We all know that med tech venture funding declined in 2013 in an ongoing trend in which those numbers have fallen for years. But we've seen some signs of VC life, and yes, even optimism, in 2014.
Among the optimists: Barcelona venture capital firm Ysios Capital announced in March that it was looking for $139 million to seed a new investment fund to back promising diagnostics, med tech and pharmaceutical companies, up to 15 over time, deals envisioned to take place along with other coinvestment funds and investors.
Is this new fund a sign that optimism is returning to med tech venture investing? What's more, does this mean there's a future in investing in early-stage diagnostic and device ideas, even as VCs have shifted their funds toward safer, later-staged investments?
"Definitely," Ysios managing partner Joël Jean-Mairet told me recently via email. "We believe early stage diagnostic and device opportunities have the potential to offer good returns."
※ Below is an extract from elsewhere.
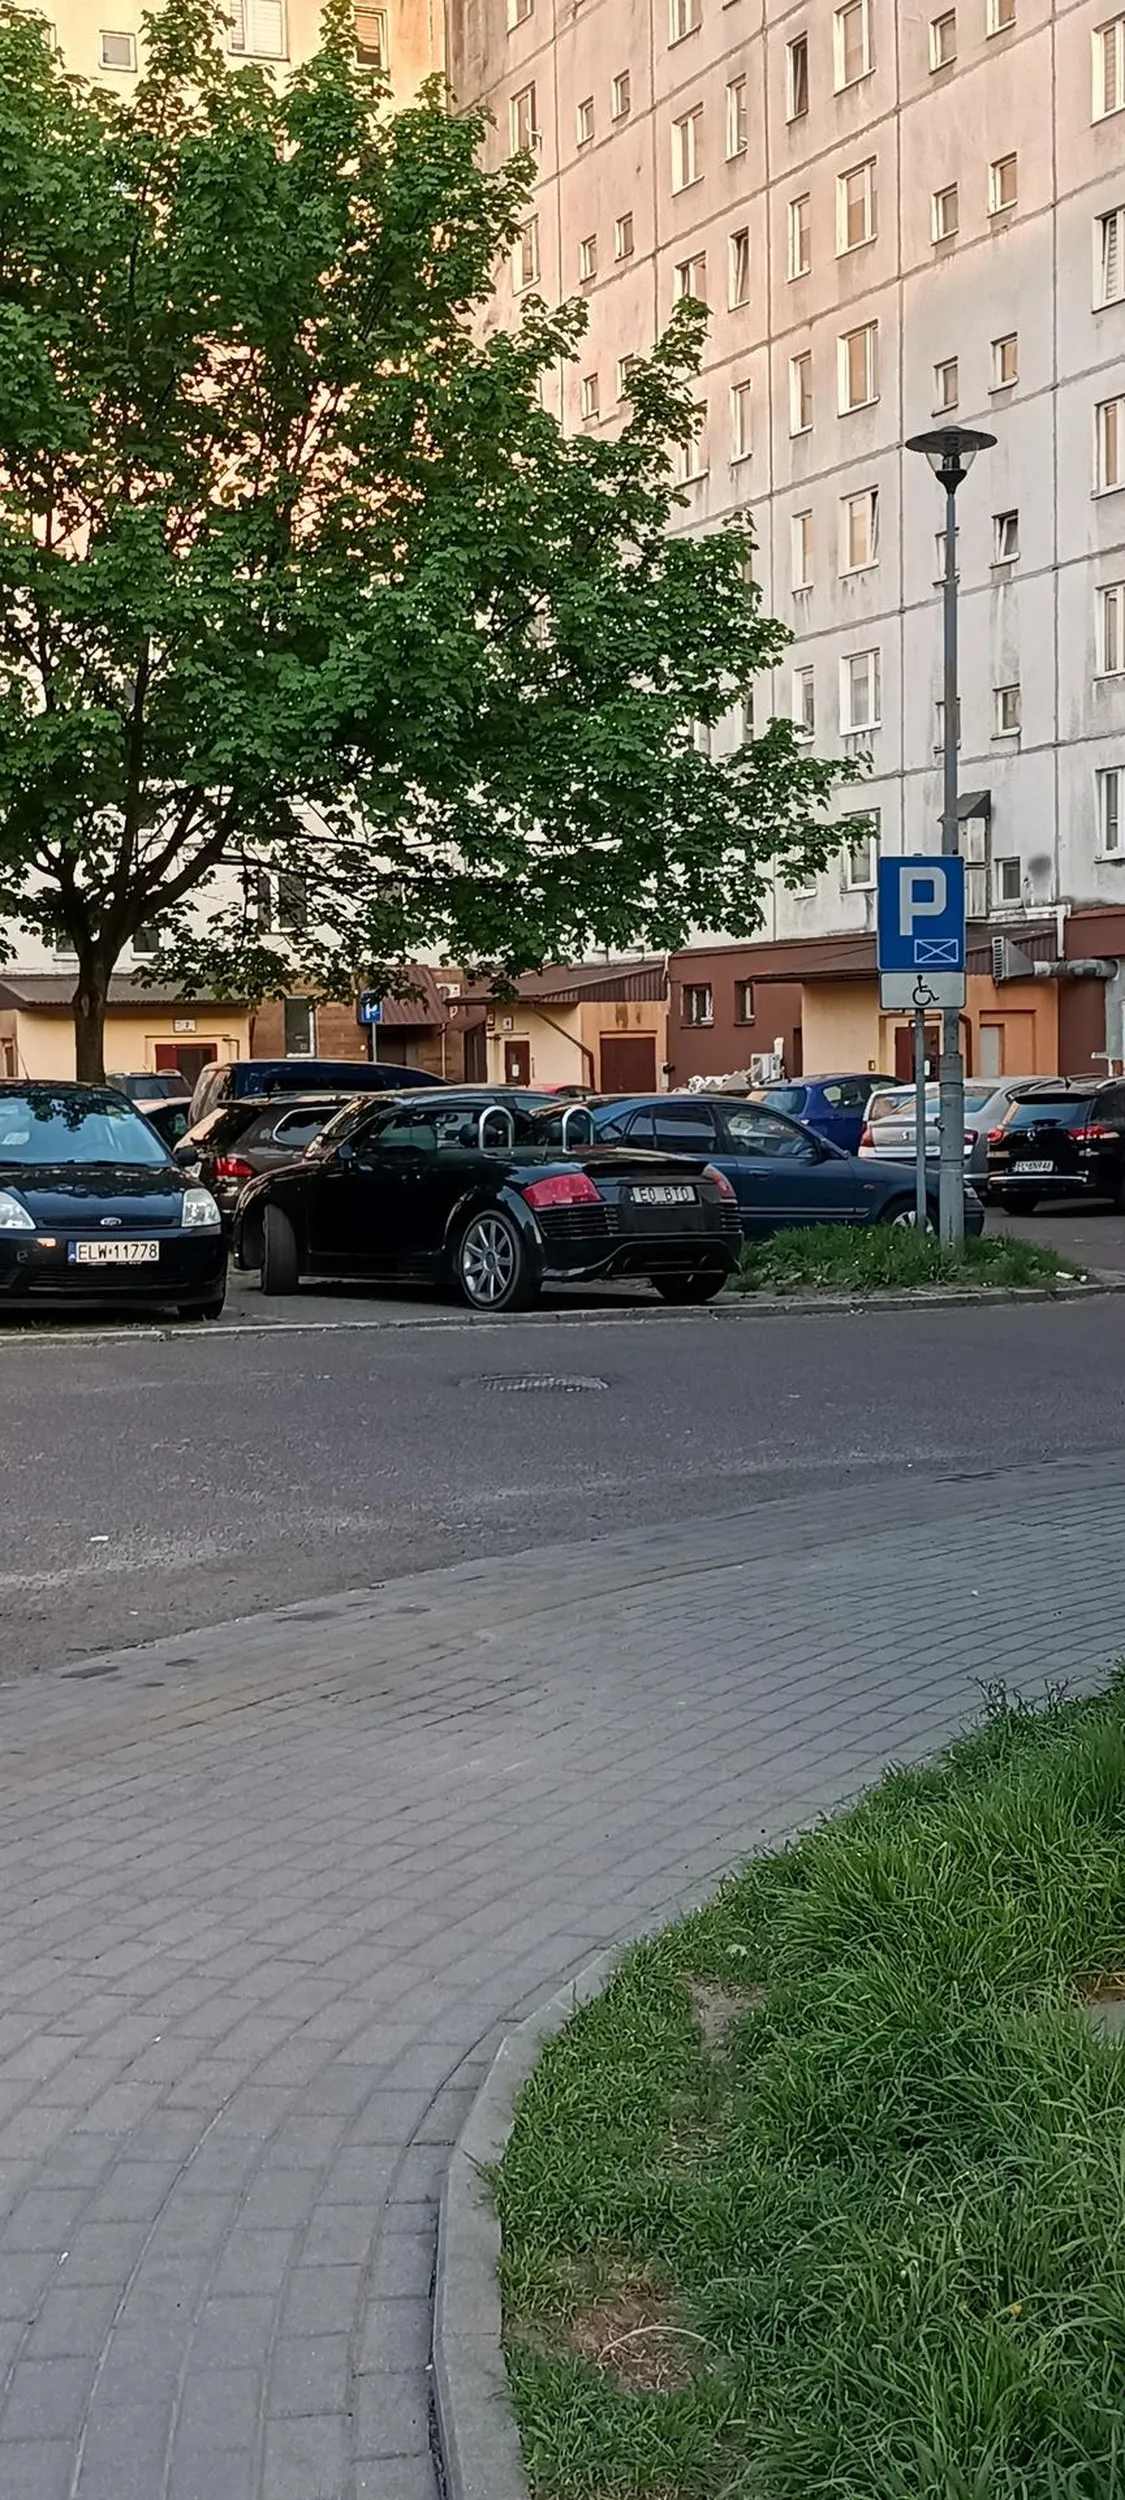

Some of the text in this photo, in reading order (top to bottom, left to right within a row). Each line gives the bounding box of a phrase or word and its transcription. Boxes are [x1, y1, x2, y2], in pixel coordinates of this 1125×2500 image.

[899, 866, 947, 936] P
[78, 1243, 157, 1260] ELW 11778
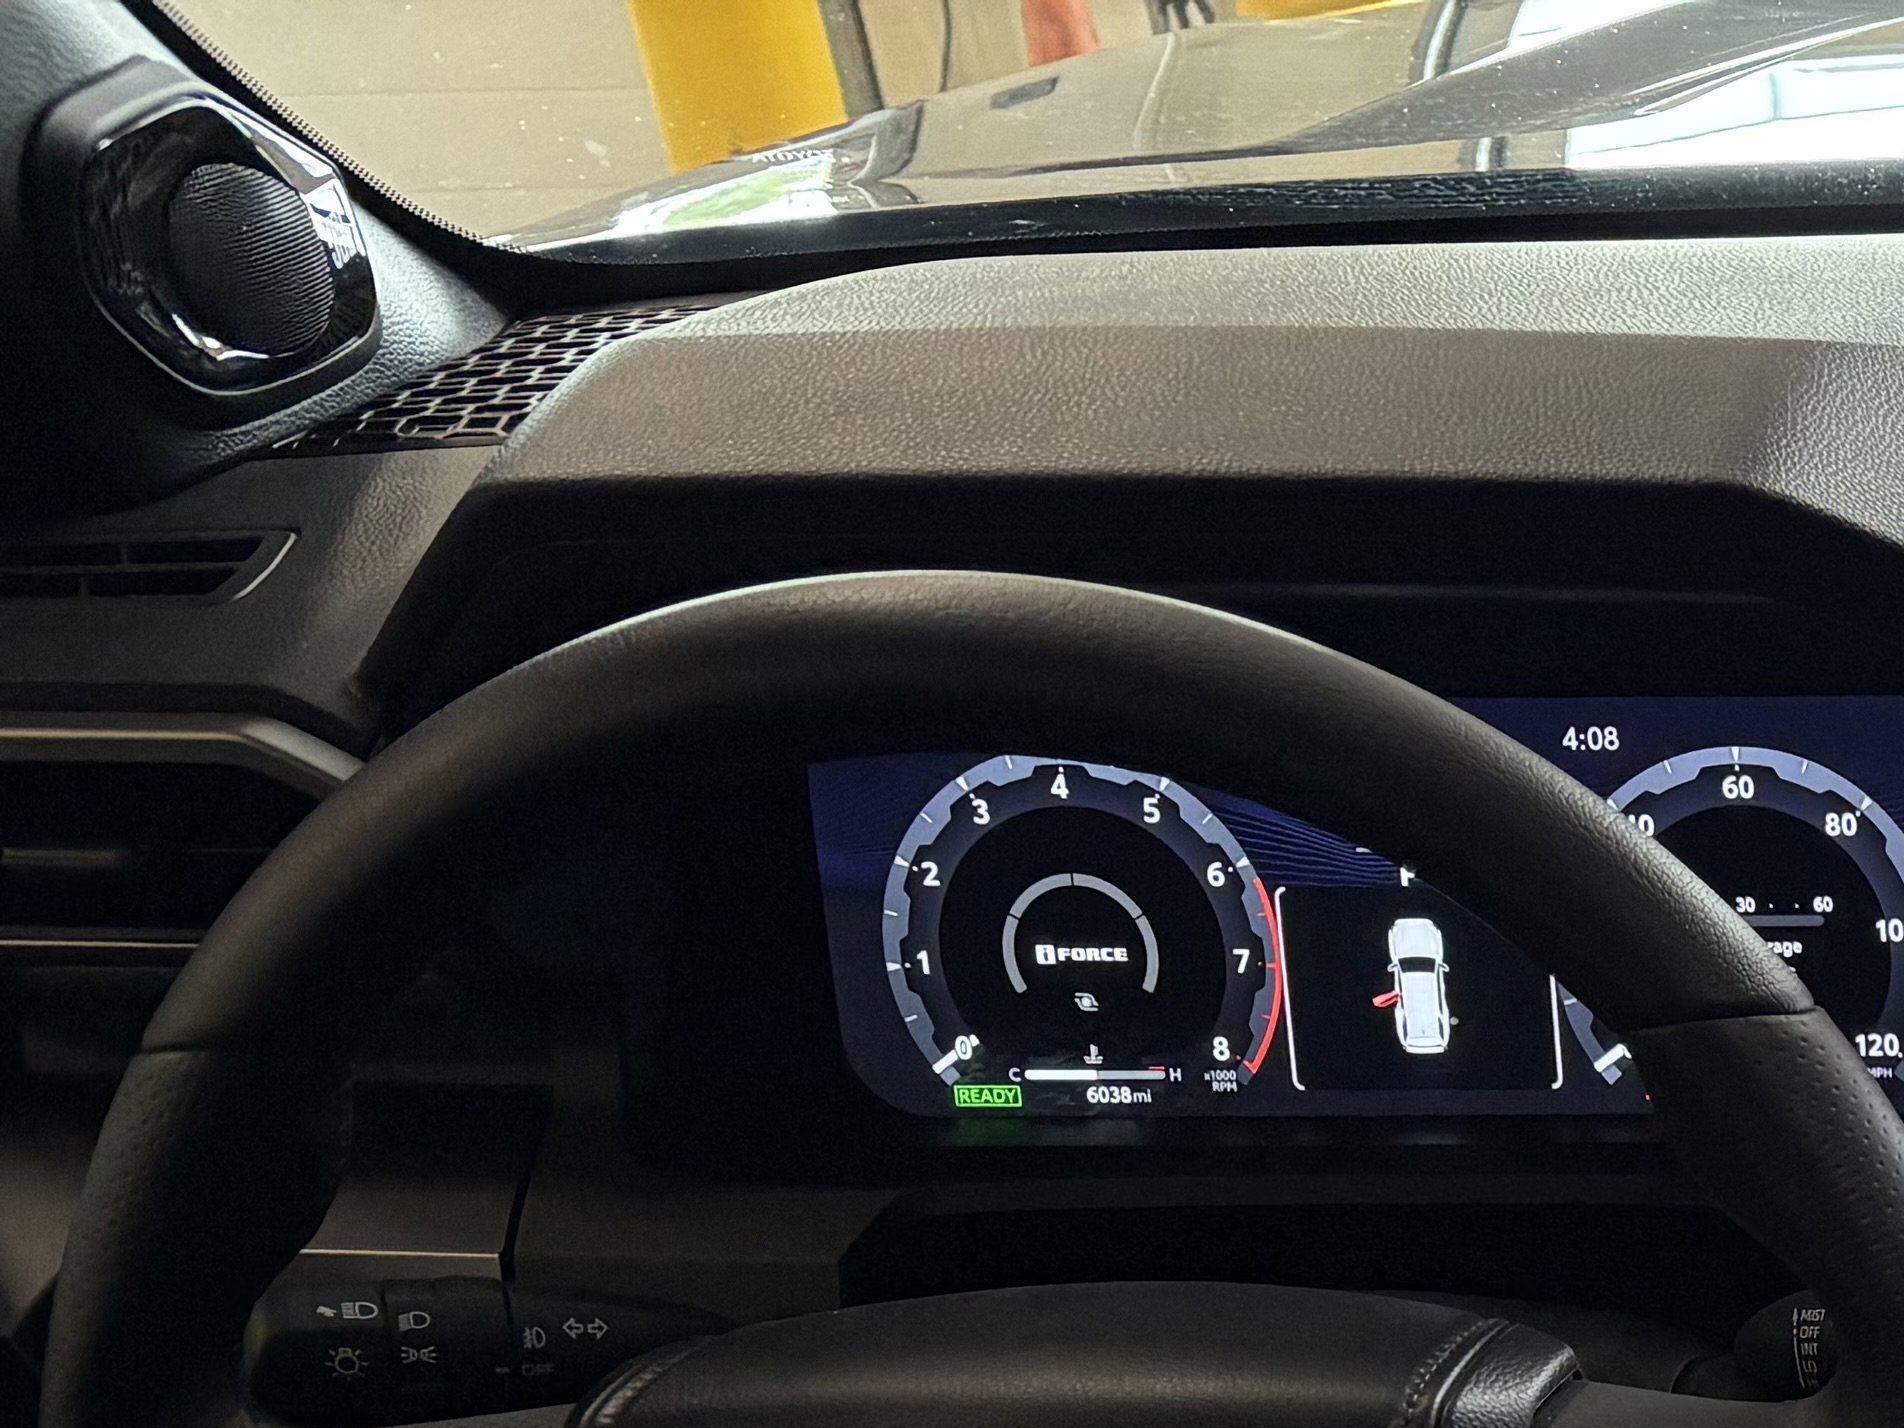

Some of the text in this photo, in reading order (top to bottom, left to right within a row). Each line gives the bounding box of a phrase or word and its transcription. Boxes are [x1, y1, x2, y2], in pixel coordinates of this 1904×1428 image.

But there are caveats, Jean-Mairet continued: "In our view, in such cases it is imperative to seek clearly disruptive and game-changing assets, [and] products that are cost efficient, and should have a clear case of clinical utility and rapid adoption. What this boils down to is assets that upon reaching certain critical milestones have a clear exit potential."
Between 40% and 50% of the new fund will target diagnostics and med tech, Jean-Mairet told us. And it follows announcements from global VC firms including Gilde Healthcare, OrbiMed and Versant that they either had raised or are raising new funds of their own.
Jean-Mairet said that Ysios will solicit investments for the new fund from institutional investors, which include pension funds, banks and large family offices.